Your instructions
Nothing in the data may be altered; restate all of it exactly.

|---|

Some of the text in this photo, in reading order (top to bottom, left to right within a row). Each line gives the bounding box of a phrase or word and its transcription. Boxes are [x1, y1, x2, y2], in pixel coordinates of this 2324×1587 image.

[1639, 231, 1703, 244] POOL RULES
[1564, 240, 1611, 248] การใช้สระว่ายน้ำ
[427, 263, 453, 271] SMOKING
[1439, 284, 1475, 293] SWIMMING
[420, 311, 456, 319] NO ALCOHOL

|---|

Result
Some of the text in this photo, in reading order (top to bottom, left to right within a row). Each line gives the bounding box of a phrase or word and its transcription. Boxes are [x1, y1, x2, y2], in pixel coordinates of this 2324×1587 image.

[1639, 231, 1703, 244] POOL RULES
[1564, 240, 1611, 248] การใช้สระว่ายน้ำ
[427, 263, 453, 271] SMOKING
[1439, 284, 1475, 293] SWIMMING
[420, 311, 456, 319] NO ALCOHOL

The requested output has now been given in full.